Pesticide use in agriculture had increased in tandem with the rapid growth of both legal and illegal farming in Cameron Highlands.

Pesticides are a standard part of most farming operations as it helps to kill, control, or repel insects, plant diseases, weeds, rodents and germs.

Ramasamy had previously warned that in addition to their inherent toxicity and widespread use, the use of illegal pesticides was increasing the threat to public health, especially infants and children who were particularly susceptible to the toxic effects of pesticides.

“Enforcement of bans on illegal pesticide is also lacking in effectiveness,” he said.

It is an offence to posses or to use a pesticide that is not registered in the Pesticides Act and those found guilty will be fined RM10,000.00 or a year’s imprisonment.

Ramasamy said after knowing what chemical was in the water and blood samples, and how much was detected, the authorities would be compelled to take action, including issuance of health advisory to the public.

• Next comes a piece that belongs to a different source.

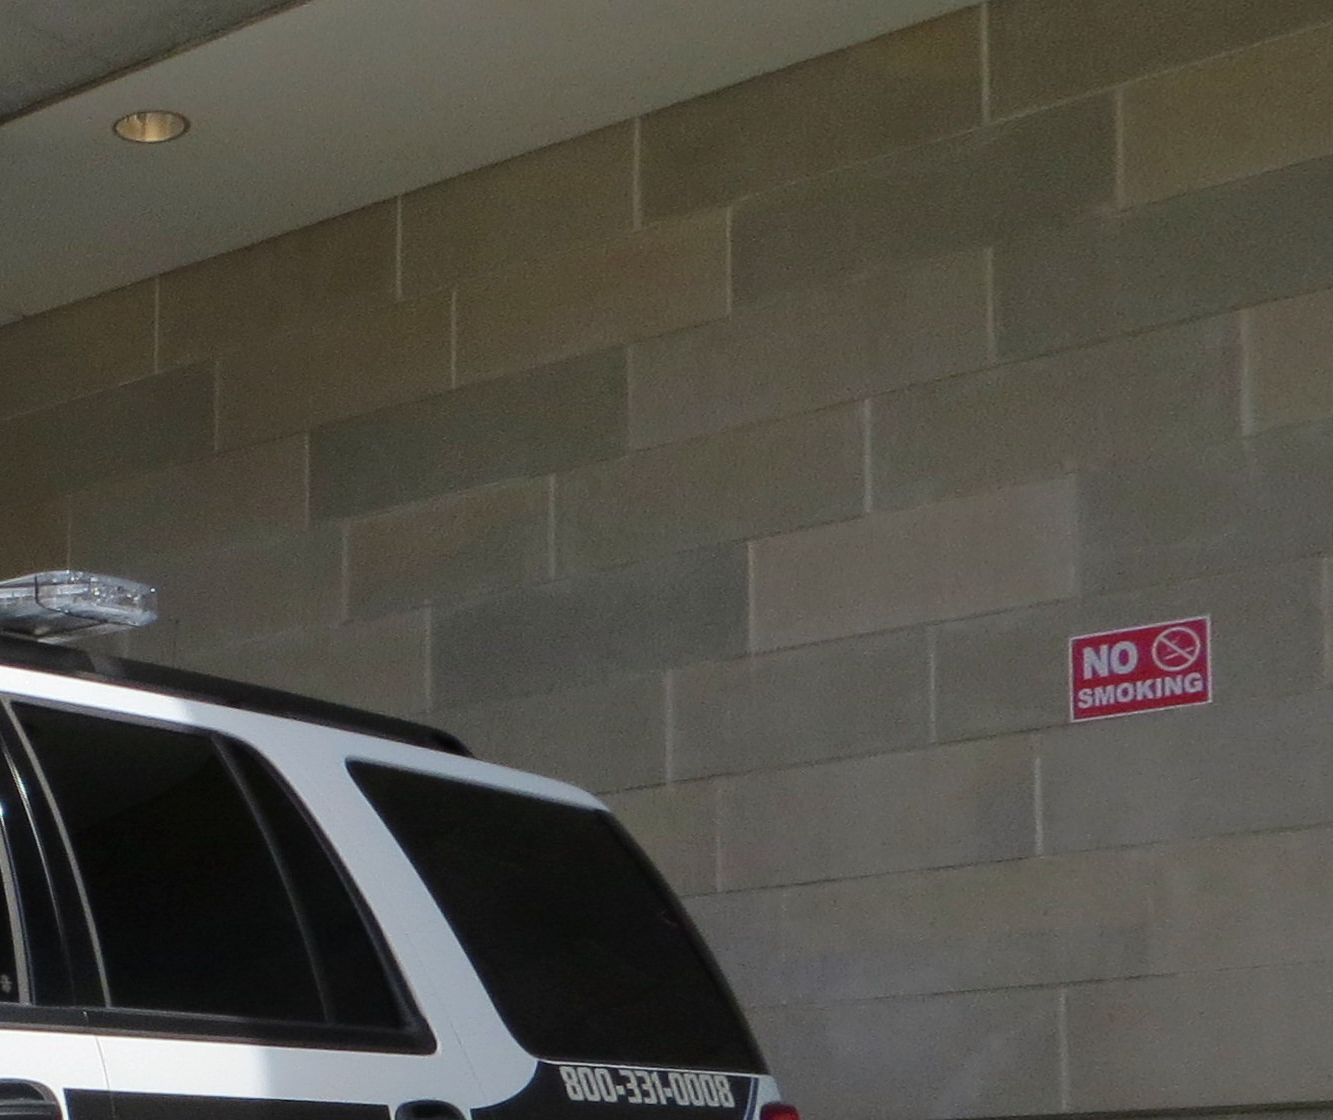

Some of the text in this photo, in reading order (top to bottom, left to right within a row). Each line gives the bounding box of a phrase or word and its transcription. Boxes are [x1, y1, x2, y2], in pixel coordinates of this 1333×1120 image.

[1082, 640, 1139, 681] NO
[1076, 671, 1204, 710] SMOKING
[559, 1066, 736, 1108] 800-331-0008

The authorities would also need to make arrangements for a protected water supply which he said was lacking in Cameron Highlands due to unrestricted farming.

“There is cause for concern for the health of people especially children who drink tap water.

“The authorities will need to seek remedies to ensure the health of the public in the face of increasing threats to the region’s water supply.”

He said the presence of pesticide residues in water supply had long been suspected by REACH but research efforts were hampered by lack of grants.